Characterisation and vaccine potential of pneumococcal virulence factors expressed during meningitis

Current research

Streptococcus pneumoniae is now the commonest cause of meningitis in children and older adults. The prevalence of antibiotic-resistant pneumococci is increasing rapidly, and available vaccines have major shortcomings. The factors and/or events that trigger the progression from colonization to invasive pneumococcal disease, including meningitis in certain individuals, are poorly understood, but presumably require expression of a distinct array of bacterial genes. Specifically, the critical determinants that enable pneumococci to cross the blood-brain barrier are largely unknown.
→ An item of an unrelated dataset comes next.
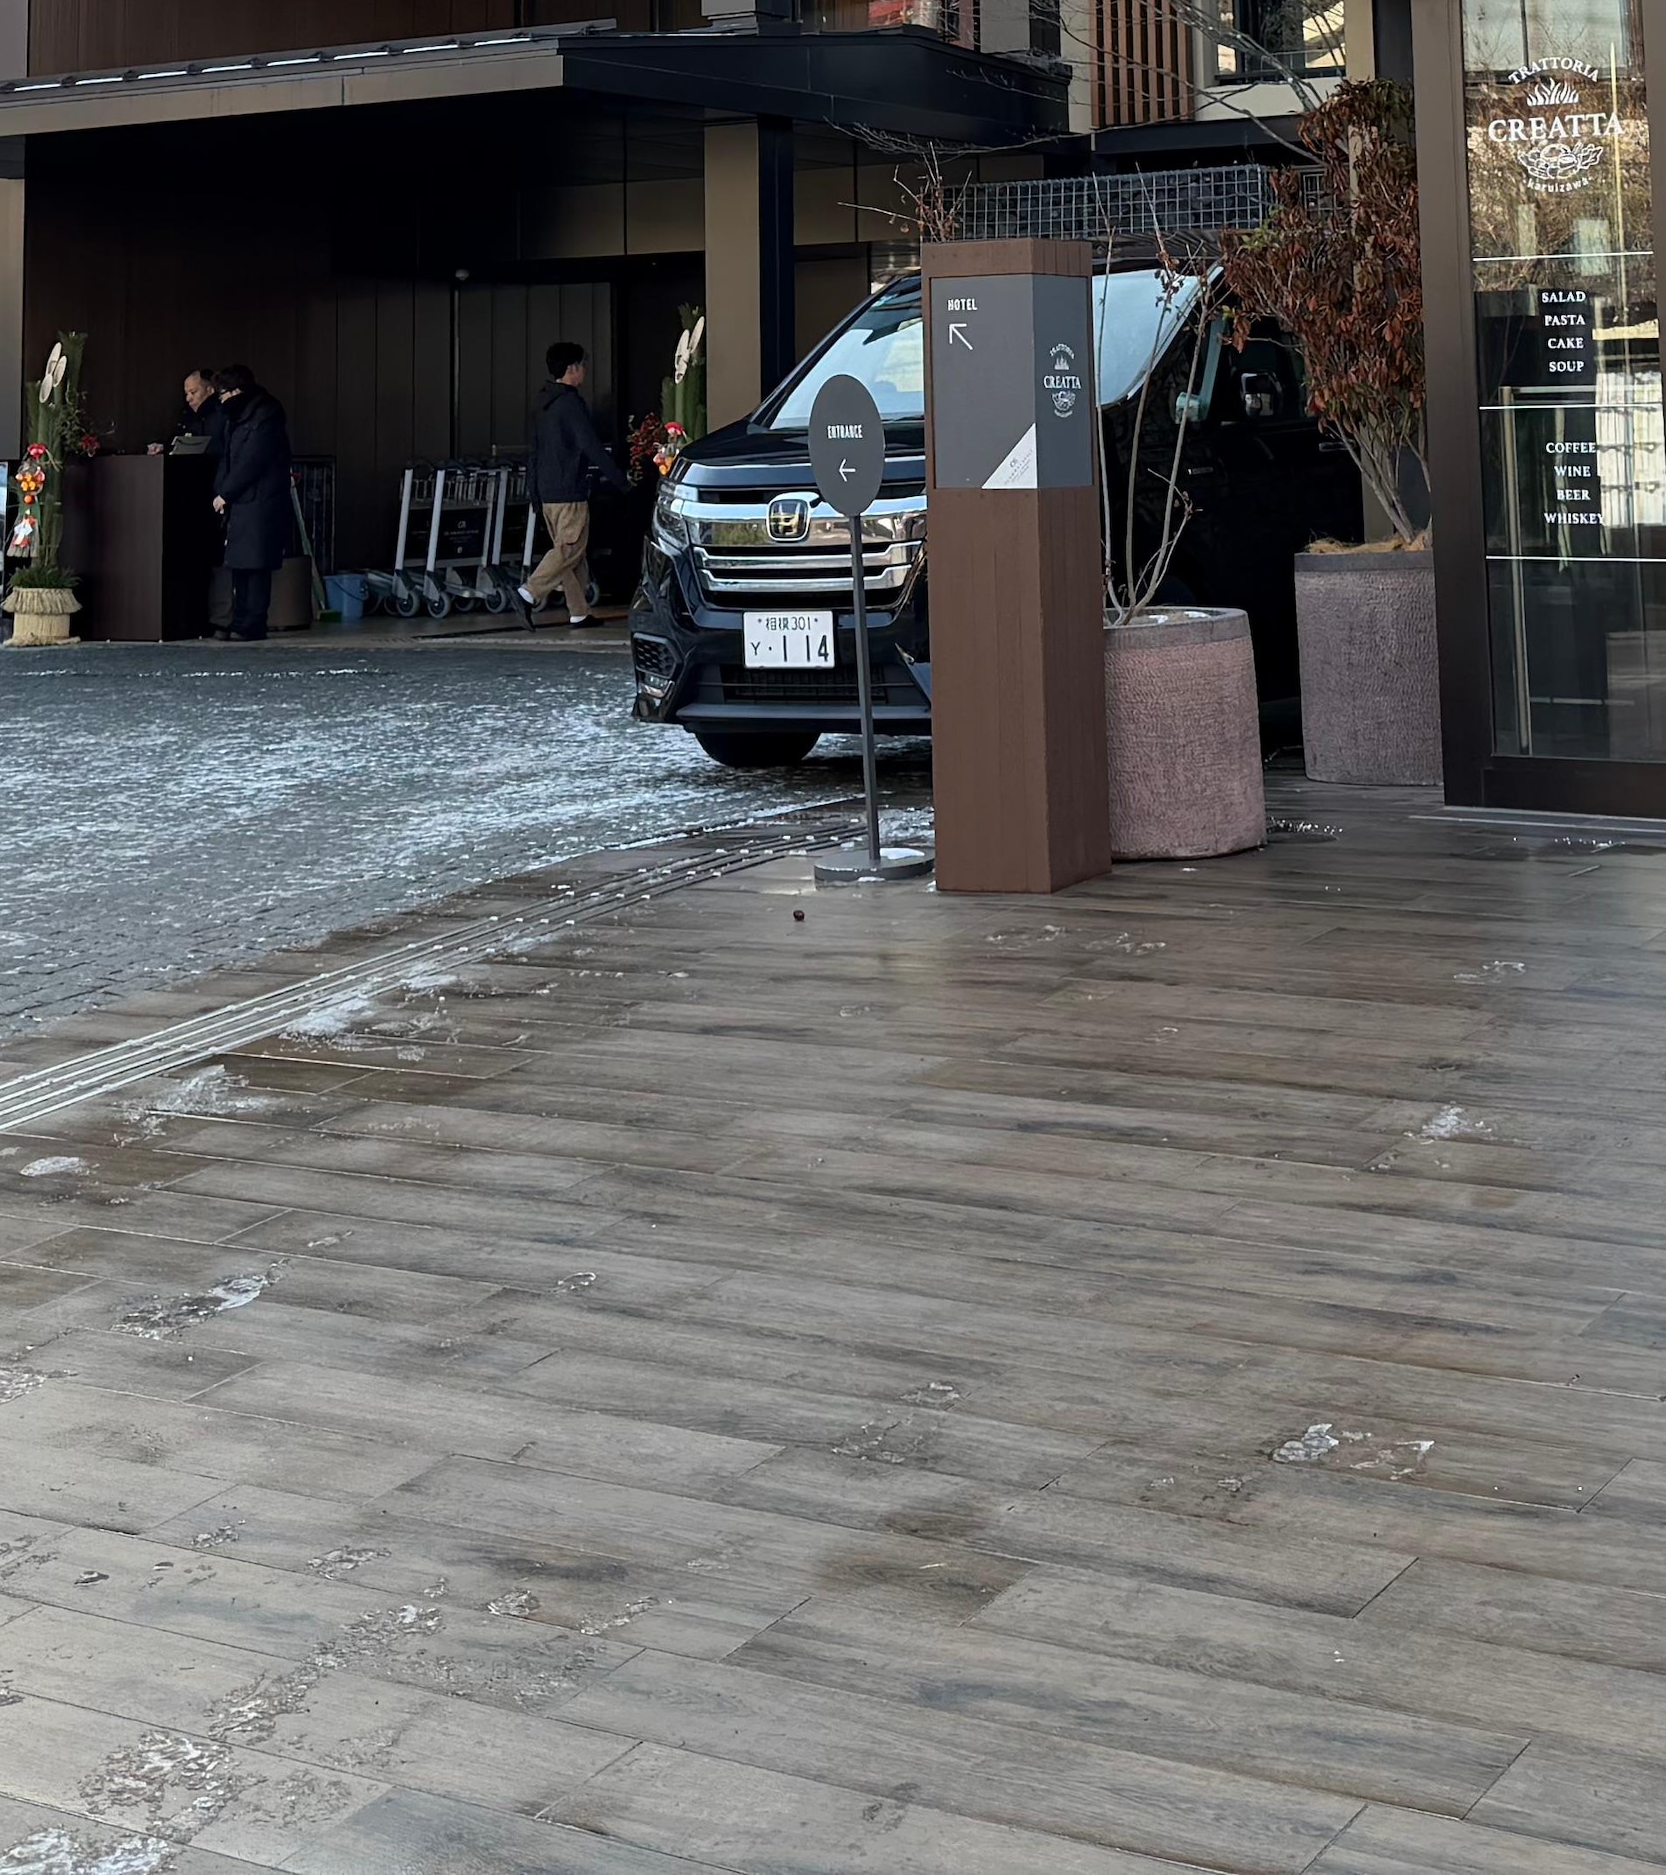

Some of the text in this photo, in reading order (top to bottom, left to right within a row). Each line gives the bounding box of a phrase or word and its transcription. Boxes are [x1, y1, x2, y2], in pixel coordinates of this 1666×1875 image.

The contribution of choline binding protein A (CbpA, also called PspC or SpsA) to pneumococcal meningitis is well documented. However, our unpublished observations show that immunization of mice with CbpA did not afford adequate protection against pneumococcal meningitis, suggesting that virulence factors other than CbpA are likely involved. This proposal is aimed at identification and detailed characterisation of such virulence factors, and assessing their vaccine potential in a murine model. Preliminary mouse intranasal challenge experiments in our laboratory with virulent pneumococcal strains D39 (serotype 2), WCH43 (serotype 4), and WCH16 (serotype 6A) indicated that WCH16 and WCH43 had a greater propensity to translocate to the brain within 72 h, than D39. We aim to carry out a comprehensive global analysis of pneumococcal gene expression patterns in these strains to identify factors critical to the development of pneumococcal meningitis. These studies will provide an improved understanding of the pathogenesis of pneumococcal meningitis, as well as critical information required to ensure that protein-based pneumococcal vaccines currently under development are effective against meningitis.